OpenAI Unveils LifeSciBench: A 750-Task Benchmark That Grades AI Models On Real Life-Science Research Using Expert-Crafted Rubrics

Most biology benchmarks focus on narrow, fact-based questions with clear-cut answers. In reality, scientists evaluate uncertain evidence and make judgment calls. OpenAI’s LifeSciBench was designed to address this gap.

Even the top-performing model succeeds at only about one in three tasks. The benchmark is nowhere near solved.

What is LifeSciBench

LifeSciBench features 750 tasks crafted by domain experts. These span seven research workflows and seven areas of biology. Every task includes a prompt, supporting materials, and a detailed grading rubric.

The seven workflows encompass evidence evaluation and analysis, as well as design and optimization, scientific reasoning, validation and operations, translation, and scientific communication.

The seven domains range from genomics and medicinal chemistry to clinical and translational science.

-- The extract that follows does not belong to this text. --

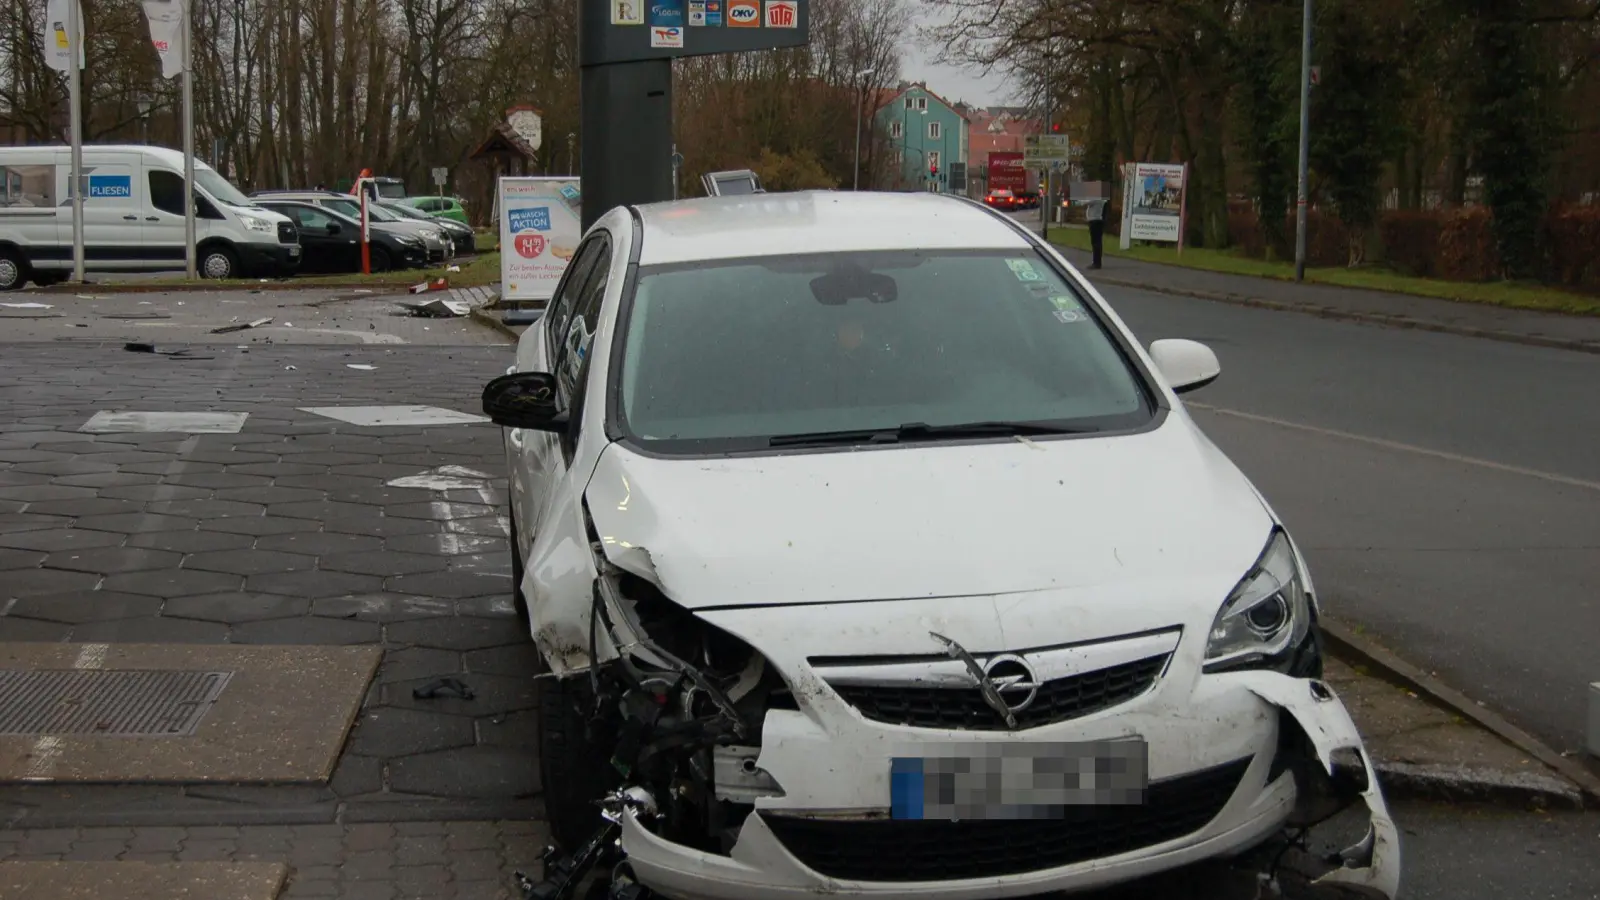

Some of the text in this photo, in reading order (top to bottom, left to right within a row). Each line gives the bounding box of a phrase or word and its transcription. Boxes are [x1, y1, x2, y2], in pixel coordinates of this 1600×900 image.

[732, 9, 755, 18] DKV
[769, 4, 795, 25] UTA
[91, 186, 129, 195] FLIESEN
[513, 218, 547, 229] AKTION

Tasks are framed the way a scientist would brief a colleague — as free-response prompts rather than multiple-choice questions. Roughly 79% demand multiple reasoning or decision-making steps, with an average of four steps per task.

How the Benchmark was Built

A team of 173 expert scientists authored the tasks. Each held a Ph.D. and had experience in biotechnology or pharmaceuticals. Accepted tasks went through an average of six automated review cycles plus at least two expert reviews.

Many tasks come with supporting artifacts. The benchmark includes 1,062 attached artifacts in total, and about 53% of tasks require at least one. Artifact types include sequences, figures, tables, PDFs, and chemical structures.

A separate group of reviewers validated quality. The panel included 453 reviewers, 97% of whom held doctorates. Overall agreement exceeded 96% across relevance, reasoning, grounding, and usefulness.

The Rubric System

Rubrics are the central mechanism. They contain 19,020 criteria across the entire benchmark — roughly 25 per task.

Each criterion rewards one specific element, such as a particular fact, a reasoning step, or a numeric answer within an acceptable range. Grading is performed against the rubric rather than a single reference answer.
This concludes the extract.